-- Opening Marker --
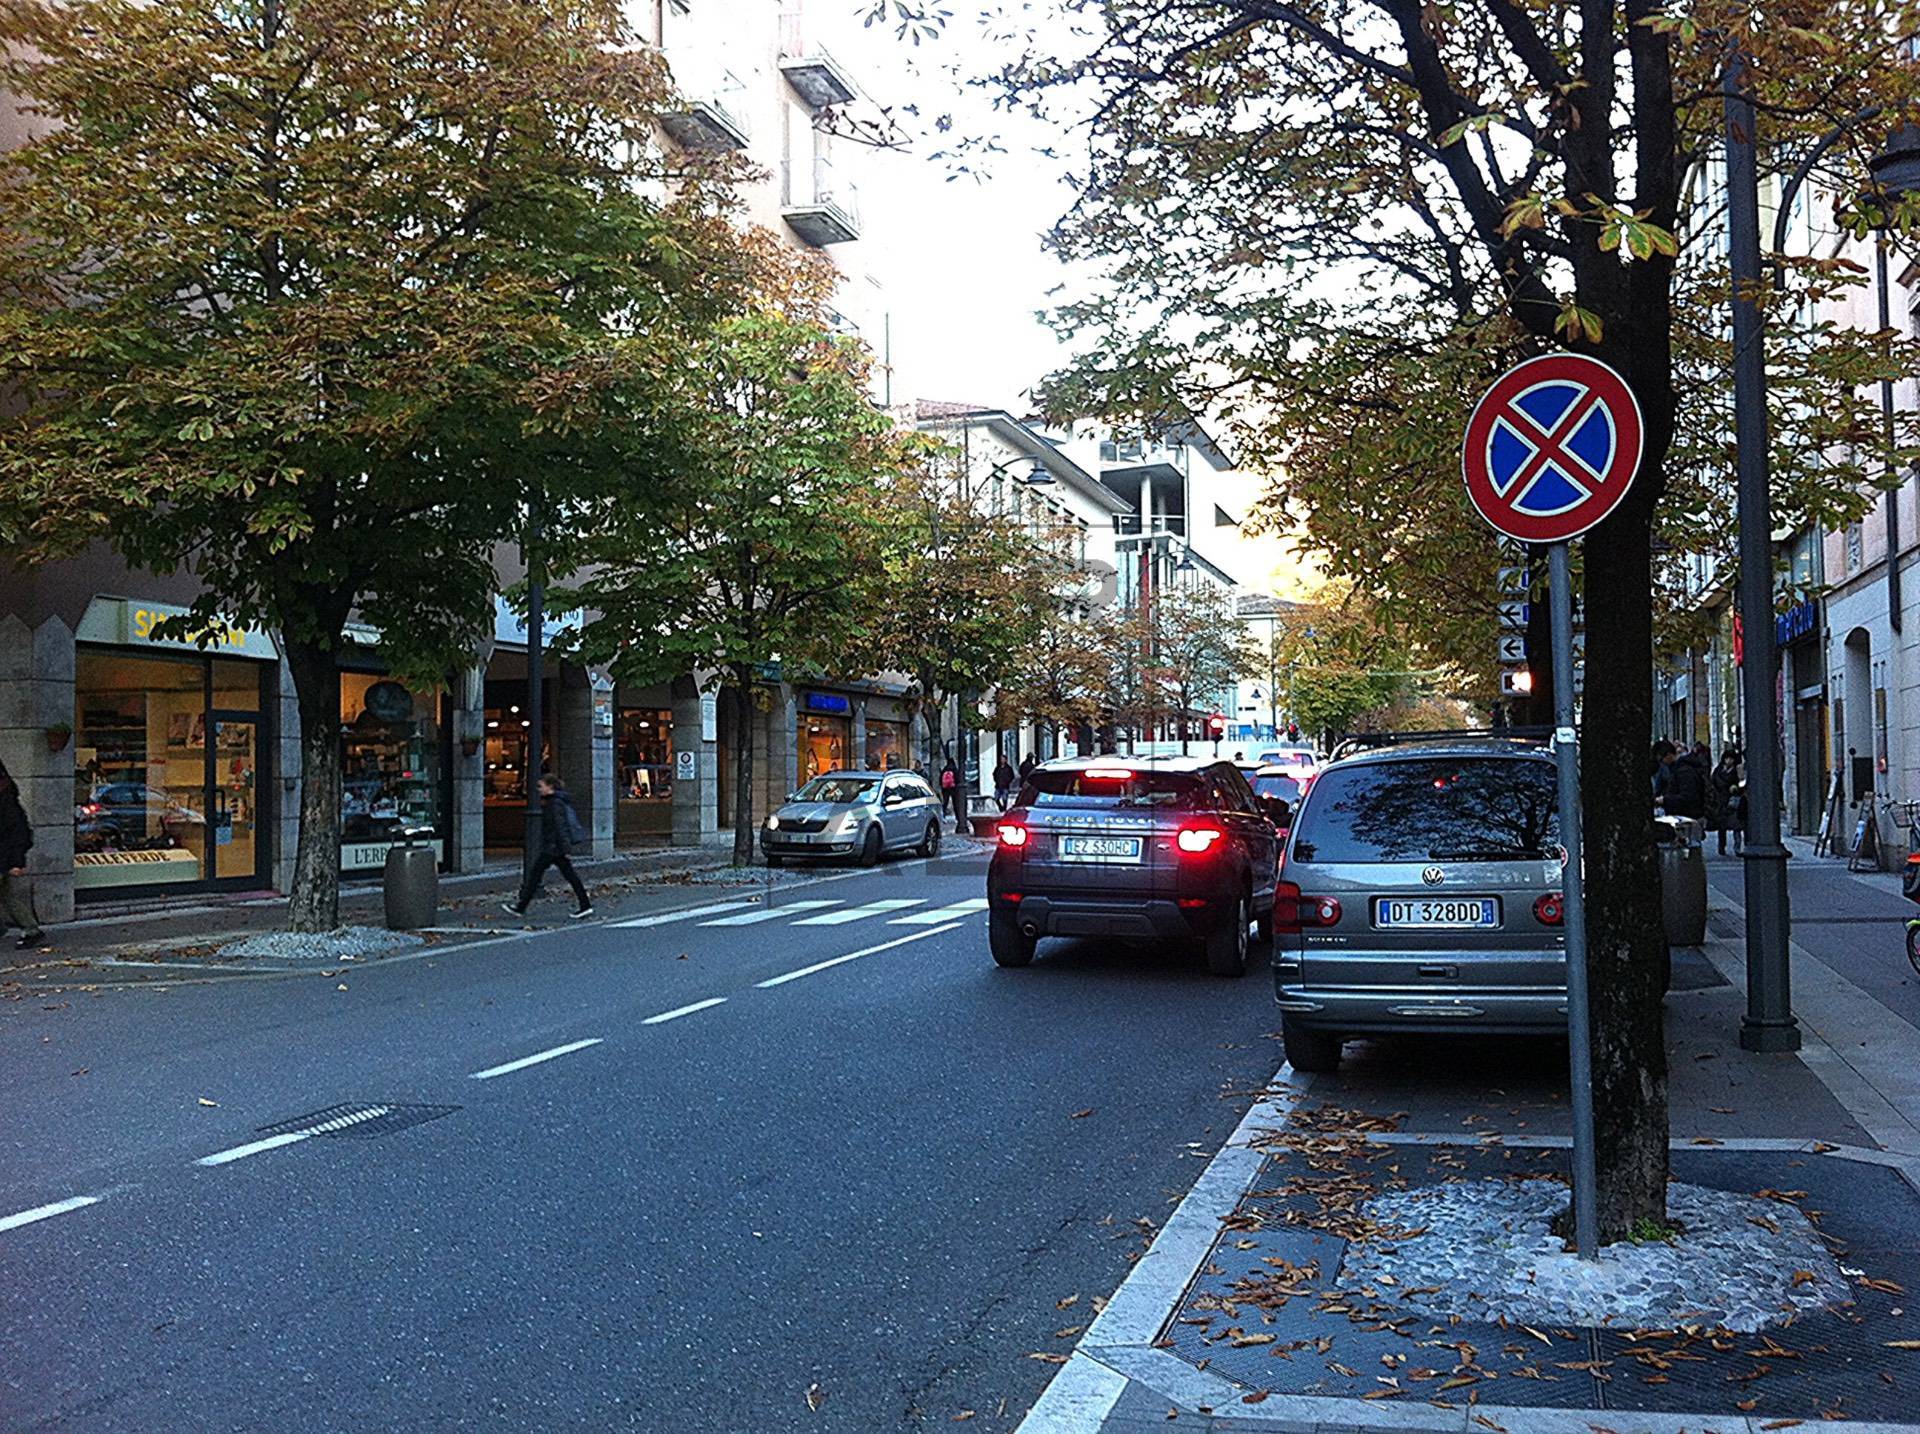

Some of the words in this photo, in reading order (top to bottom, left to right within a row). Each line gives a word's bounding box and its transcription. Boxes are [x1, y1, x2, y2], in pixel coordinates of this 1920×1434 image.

[1074, 840, 1089, 854] EZ
[75, 851, 171, 866] VALLEVERDE
[1392, 903, 1414, 921] DT
[1421, 903, 1480, 921] 328DD
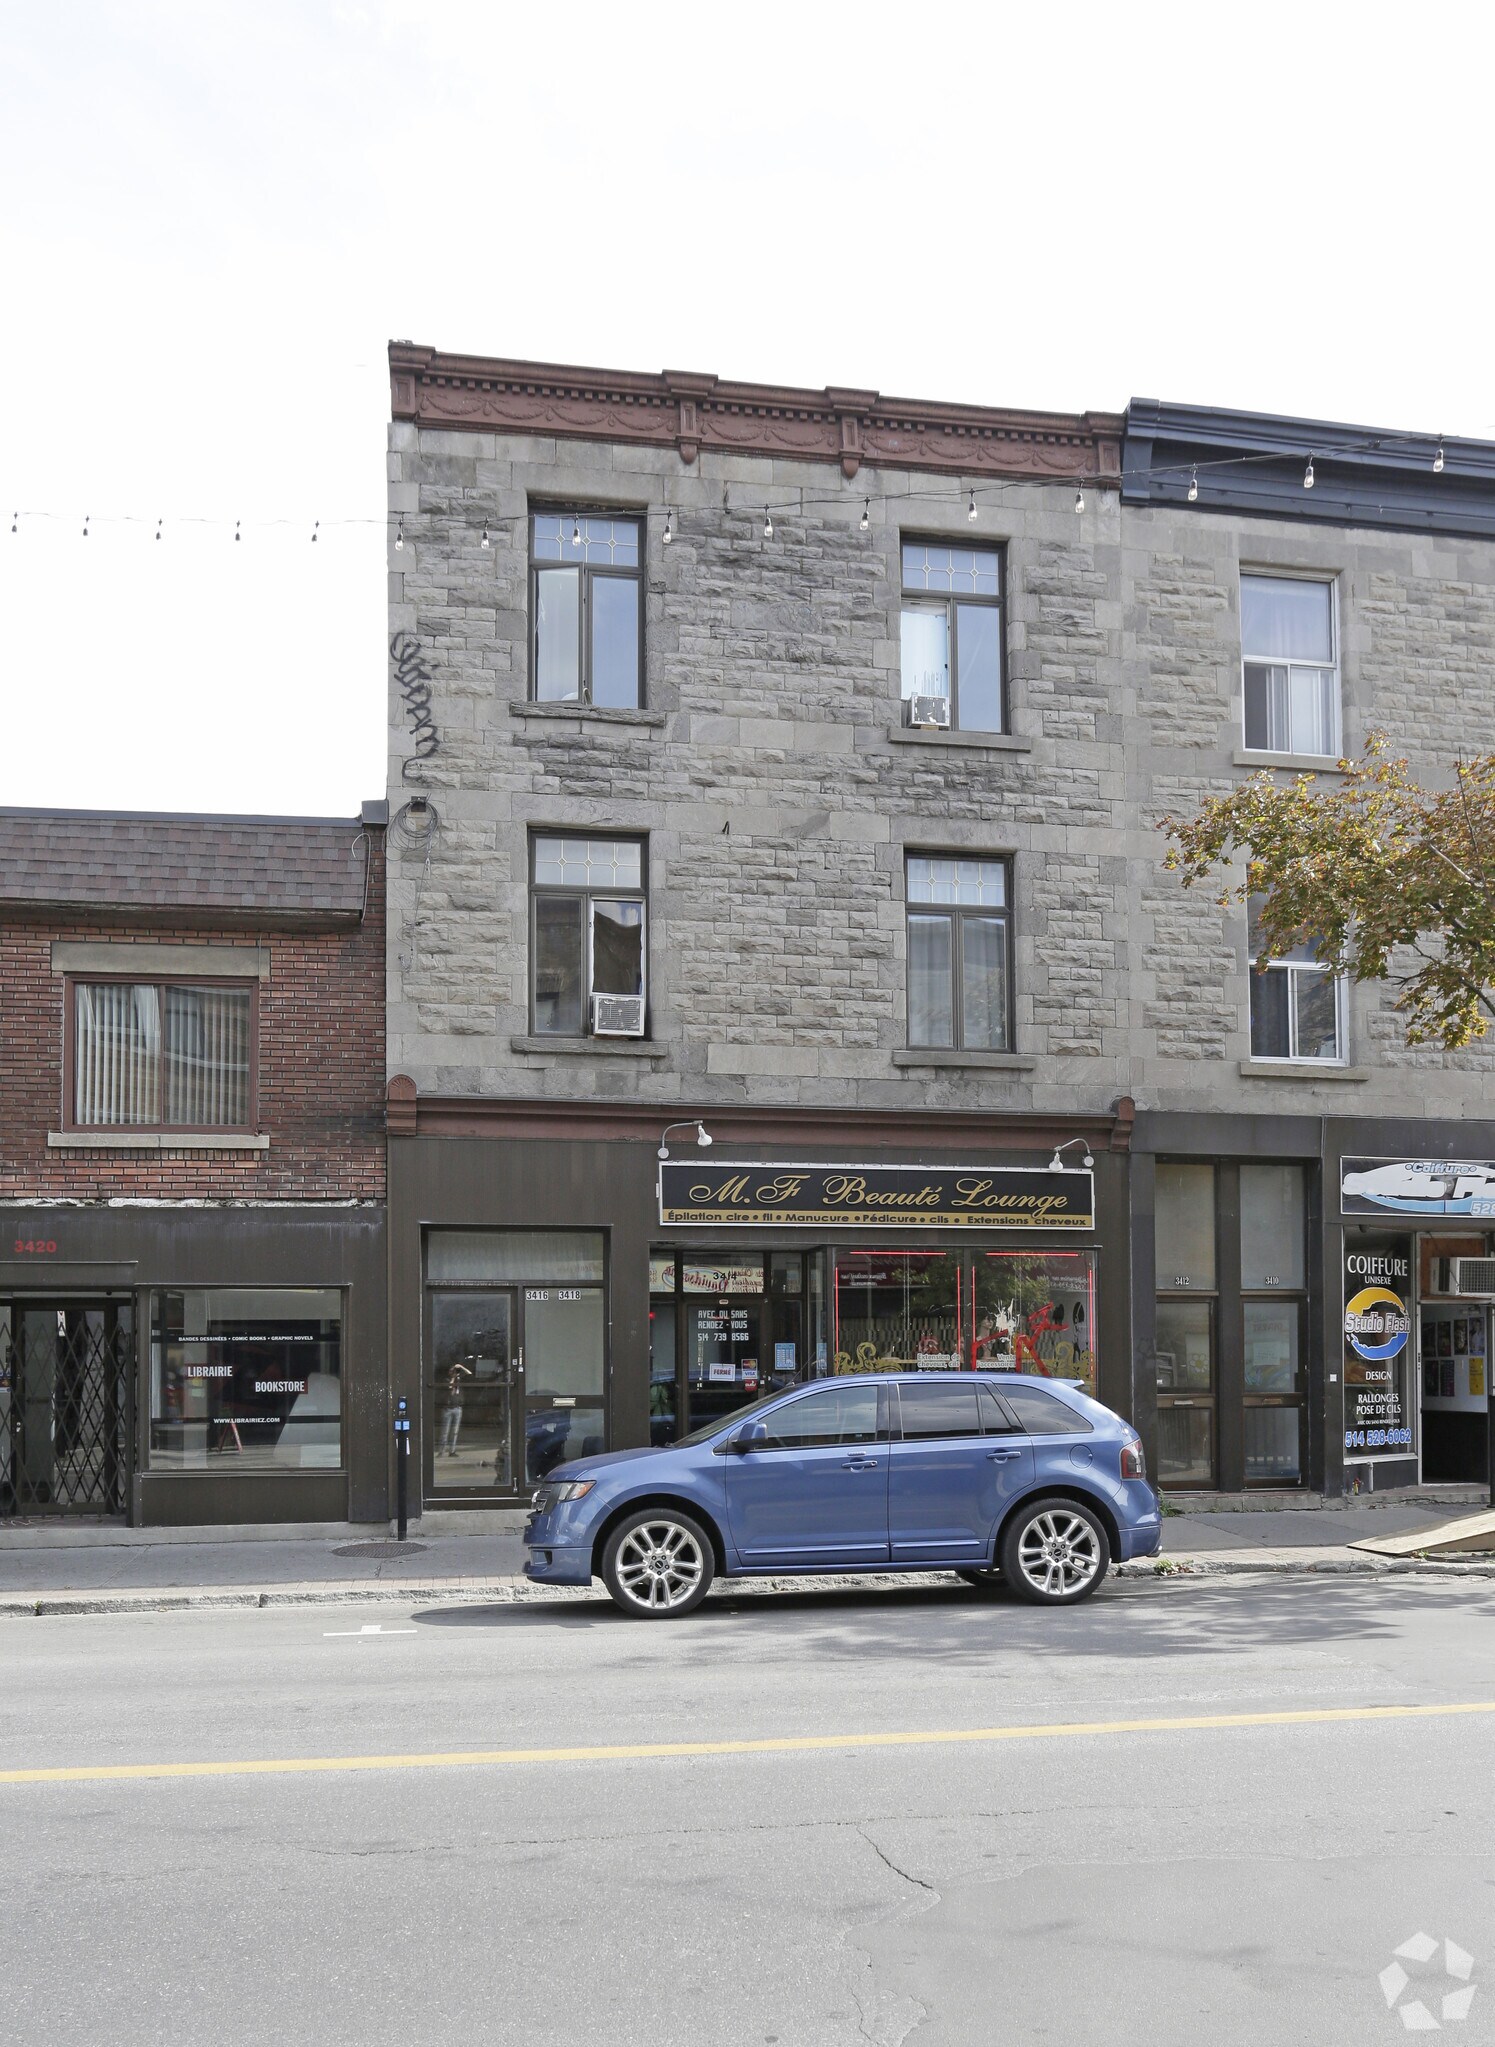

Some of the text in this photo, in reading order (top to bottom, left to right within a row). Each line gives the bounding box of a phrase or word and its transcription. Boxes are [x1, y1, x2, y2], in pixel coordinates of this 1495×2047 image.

[1412, 1162, 1469, 1173] Coiffure
[822, 1175, 943, 1209] Beauté
[951, 1178, 1069, 1218] Lounge
[668, 1210, 1087, 1226] Épilation cire fil Manucure Pédicure cils Extensions cheveux
[15, 1241, 57, 1253] 3420
[1347, 1255, 1408, 1276] COIFFURE
[713, 1272, 737, 1280] 3414
[1265, 1276, 1279, 1285] 3410
[1365, 1276, 1391, 1284] UNISEXE
[1175, 1277, 1190, 1286] 3412
[527, 1291, 548, 1300] 3416
[559, 1291, 580, 1300] 3418
[698, 1310, 748, 1318] AVEC OU SANS
[1345, 1312, 1411, 1333] Studio Flash
[917, 1361, 947, 1369] cheveux,
[188, 1366, 232, 1377] LIBRAIRIE
[1366, 1371, 1392, 1380] DESIGN
[255, 1381, 305, 1392] BOOKSTORE
[1358, 1393, 1399, 1403] RALLONGES
[1356, 1404, 1401, 1414] POSE DE CILS
[1345, 1428, 1411, 1447] 514 528-6062
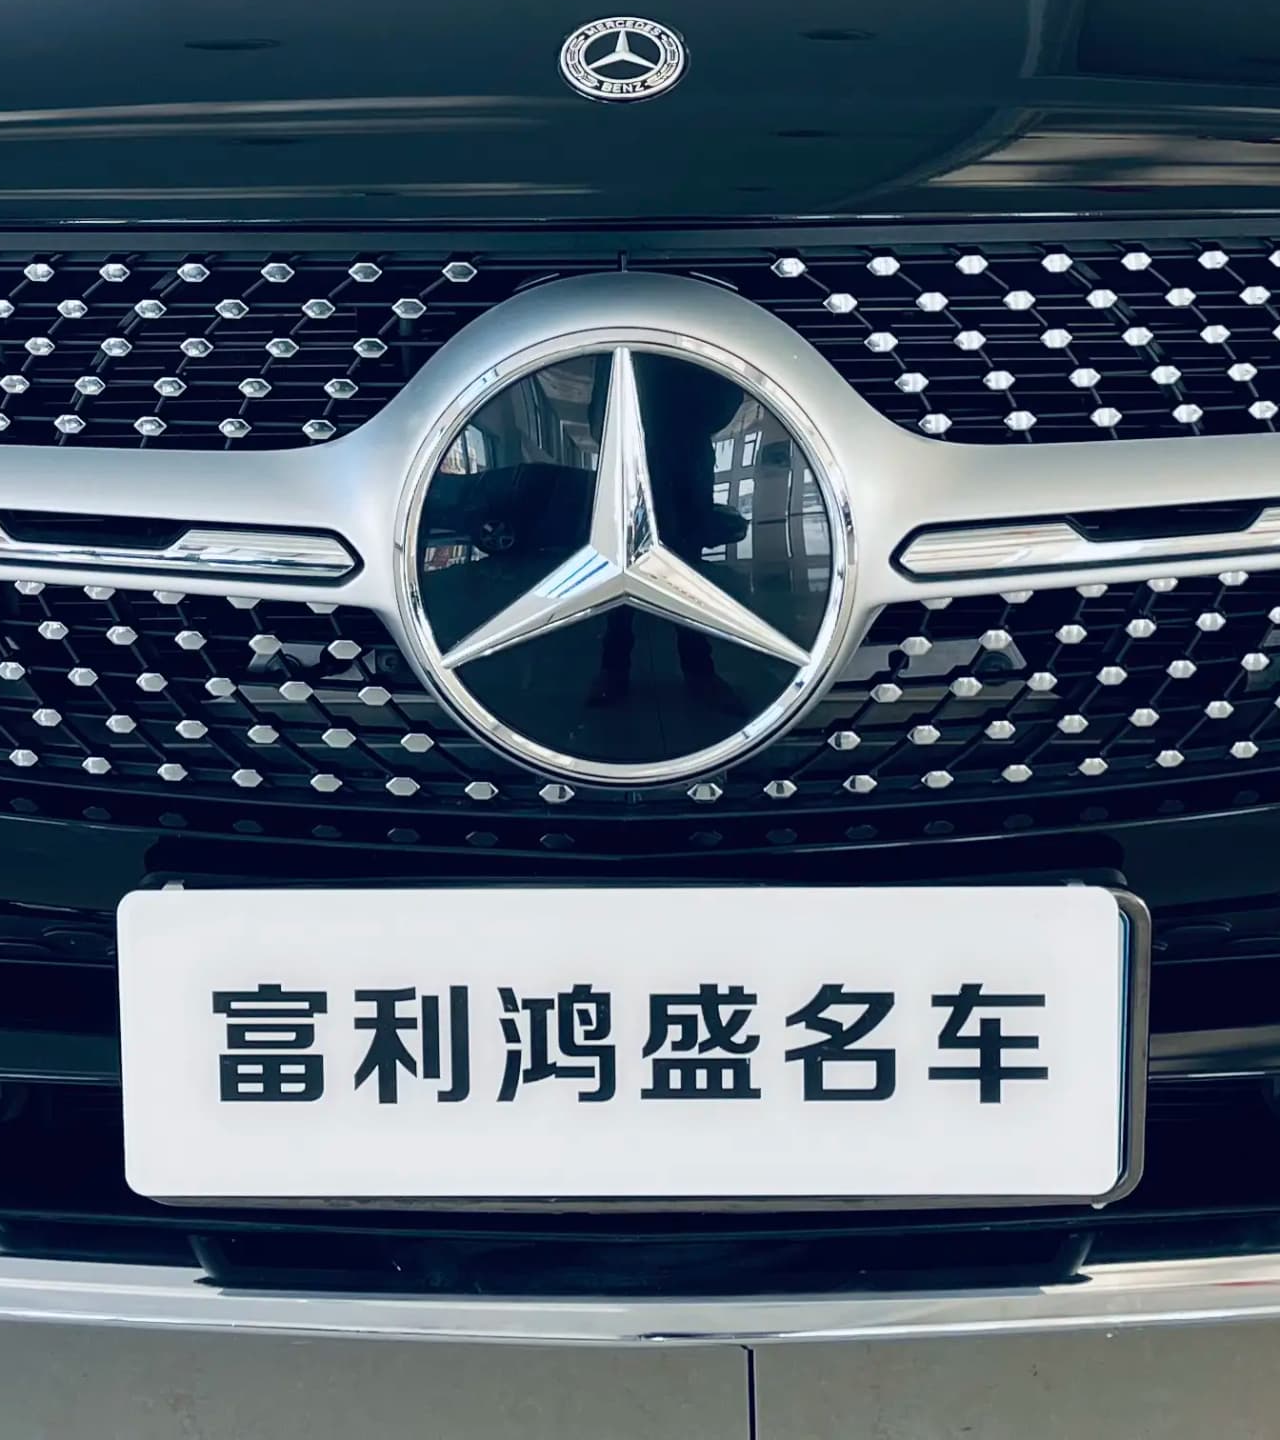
-- Closing Marker --
— What to work on —
Reproduce the material exactly; keep pictures out.

— Answer area —
Some of the words in this photo, in reading order (top to bottom, left to right within a row). Each line gives a word's bounding box and its transcription. Boxes are [x1, y1, x2, y2], in pixel coordinates of this 1920×1434 image.

[1074, 840, 1089, 854] EZ
[75, 851, 171, 866] VALLEVERDE
[1392, 903, 1414, 921] DT
[1421, 903, 1480, 921] 328DD

Some of the text in this photo, in reading order (top to bottom, left to right within a row). Each line gives the bounding box of a phrase or word and its transcription. Boxes are [x1, y1, x2, y2], in pixel coordinates of this 1495×2047 image.

[1412, 1162, 1469, 1173] Coiffure
[822, 1175, 943, 1209] Beauté
[951, 1178, 1069, 1218] Lounge
[668, 1210, 1087, 1226] Épilation cire fil Manucure Pédicure cils Extensions cheveux
[15, 1241, 57, 1253] 3420
[1347, 1255, 1408, 1276] COIFFURE
[713, 1272, 737, 1280] 3414
[1265, 1276, 1279, 1285] 3410
[1365, 1276, 1391, 1284] UNISEXE
[1175, 1277, 1190, 1286] 3412
[527, 1291, 548, 1300] 3416
[559, 1291, 580, 1300] 3418
[698, 1310, 748, 1318] AVEC OU SANS
[1345, 1312, 1411, 1333] Studio Flash
[917, 1361, 947, 1369] cheveux,
[188, 1366, 232, 1377] LIBRAIRIE
[1366, 1371, 1392, 1380] DESIGN
[255, 1381, 305, 1392] BOOKSTORE
[1358, 1393, 1399, 1403] RALLONGES
[1356, 1404, 1401, 1414] POSE DE CILS
[1345, 1428, 1411, 1447] 514 528-6062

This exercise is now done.